§ HOW TO COMPLETE THIS TASK: The task calls for every entry to be printed word for word, without the images.

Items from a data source
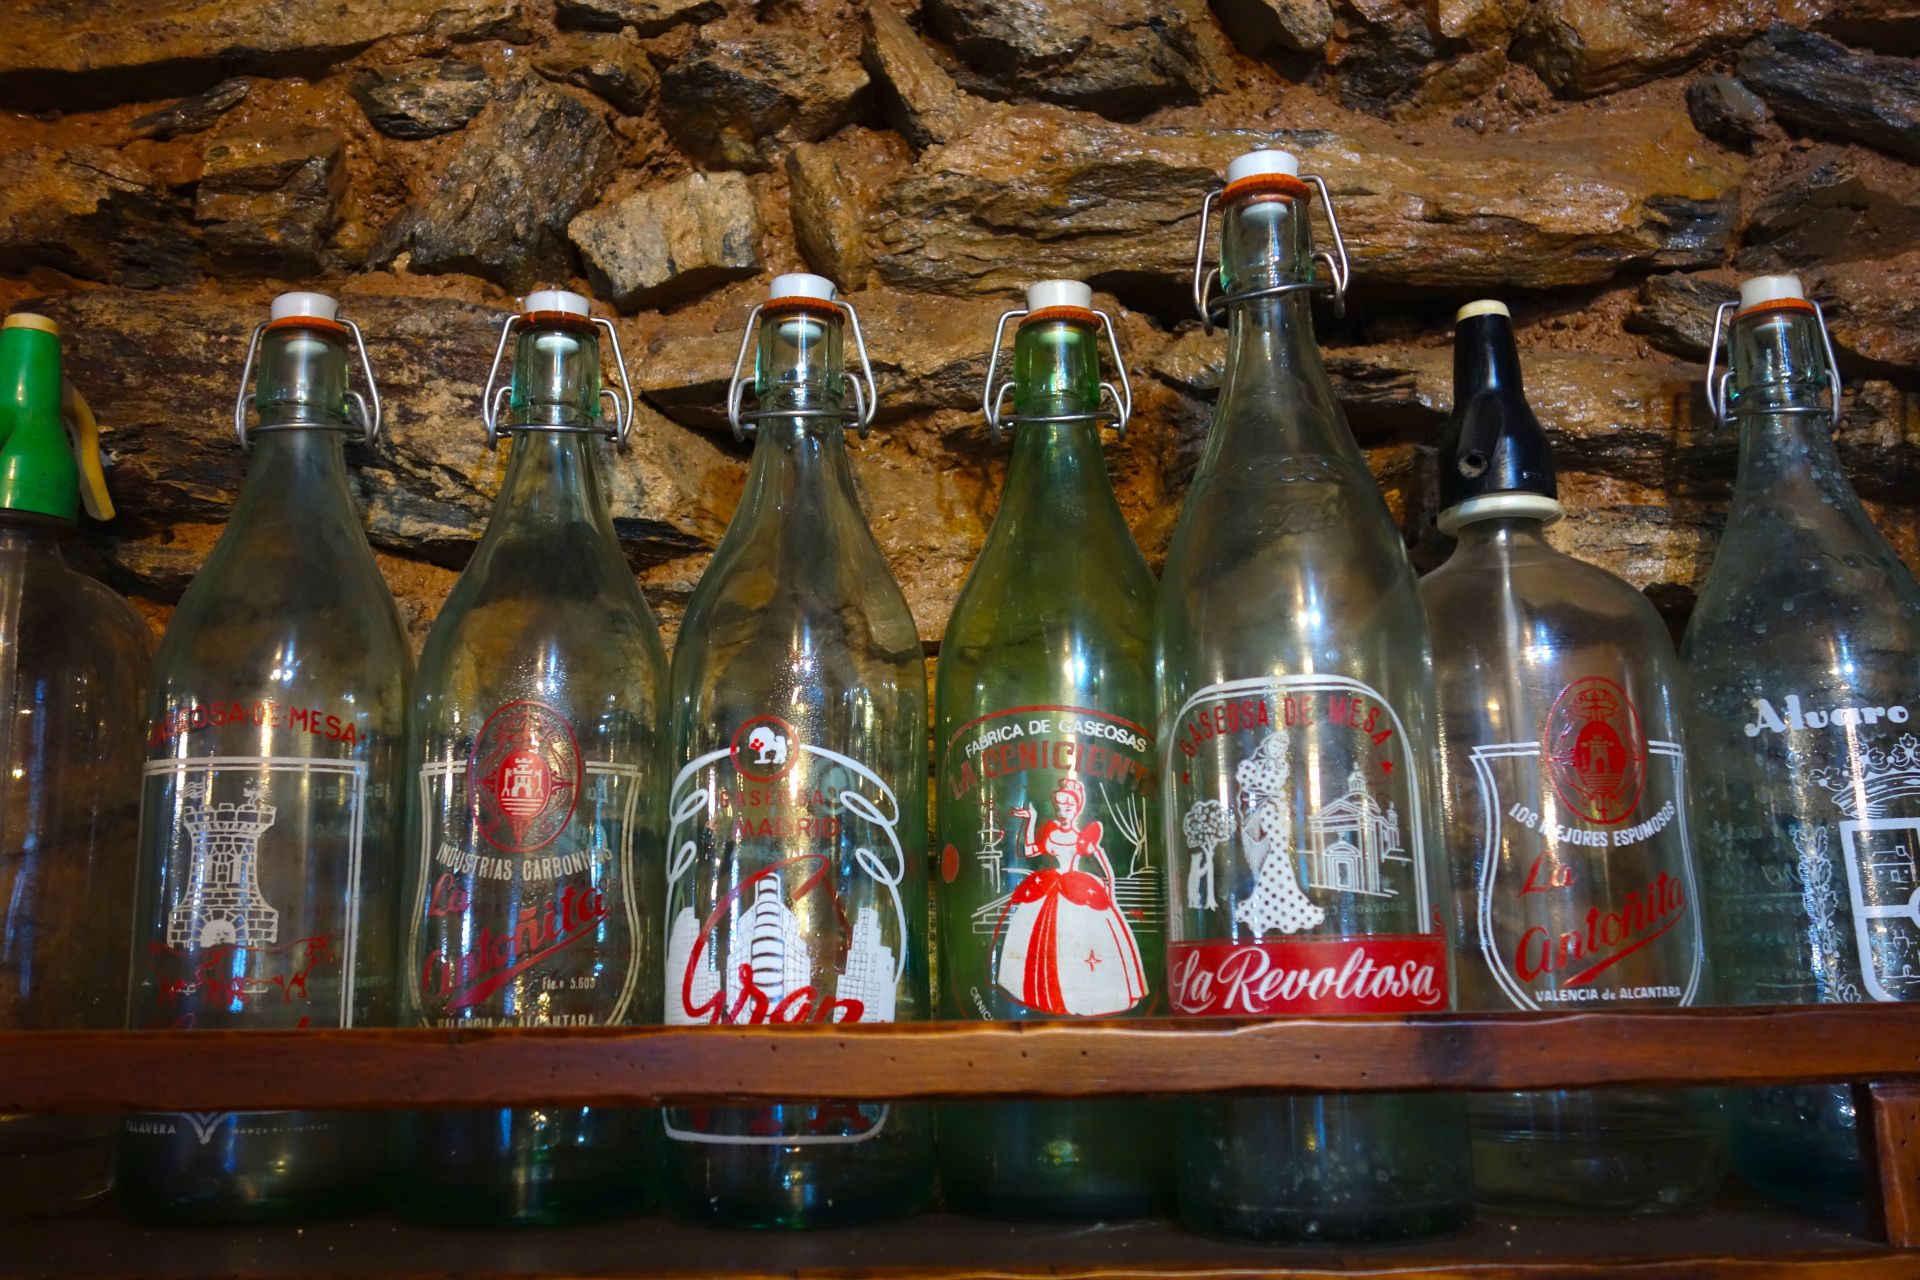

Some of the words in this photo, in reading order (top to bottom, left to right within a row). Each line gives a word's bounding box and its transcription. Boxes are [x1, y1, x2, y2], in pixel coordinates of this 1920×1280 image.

[289, 707, 357, 747] MESA
[1179, 700, 1270, 757] GASEOSA
[1284, 696, 1314, 727] DE
[1329, 695, 1393, 748] MESA
[1744, 694, 1909, 737] Alvaro
[964, 723, 1024, 759] FABRICA
[1028, 720, 1051, 735] DE
[1058, 720, 1147, 752] GASEOSAS
[948, 760, 977, 800] LA
[735, 816, 841, 838] MADRID
[1508, 802, 1539, 829] LOS
[1538, 822, 1609, 847] MEJORES
[1613, 800, 1676, 847] ESPUMOSOS
[436, 843, 512, 881] INDUSTRIAS
[1516, 850, 1575, 898] La
[429, 872, 470, 918] La
[1172, 949, 1217, 1014] La
[1217, 946, 1441, 1014] Revoltosa
[1535, 988, 1600, 1002] VALENCIA
[1602, 988, 1616, 1000] de
[1620, 986, 1682, 1000] ALCANTARA

§ YOUR RESPONSE:
Some of the words in this photo, in reading order (top to bottom, left to right within a row). Each line gives a word's bounding box and its transcription. Boxes are [x1, y1, x2, y2], in pixel coordinates of this 1920×1280 image.

[289, 707, 357, 747] MESA
[1179, 700, 1270, 757] GASEOSA
[1284, 696, 1314, 727] DE
[1329, 695, 1393, 748] MESA
[1744, 694, 1909, 737] Alvaro
[964, 723, 1024, 759] FABRICA
[1028, 720, 1051, 735] DE
[1058, 720, 1147, 752] GASEOSAS
[948, 760, 977, 800] LA
[735, 816, 841, 838] MADRID
[1508, 802, 1539, 829] LOS
[1538, 822, 1609, 847] MEJORES
[1613, 800, 1676, 847] ESPUMOSOS
[436, 843, 512, 881] INDUSTRIAS
[1516, 850, 1575, 898] La
[429, 872, 470, 918] La
[1172, 949, 1217, 1014] La
[1217, 946, 1441, 1014] Revoltosa
[1535, 988, 1600, 1002] VALENCIA
[1602, 988, 1616, 1000] de
[1620, 986, 1682, 1000] ALCANTARA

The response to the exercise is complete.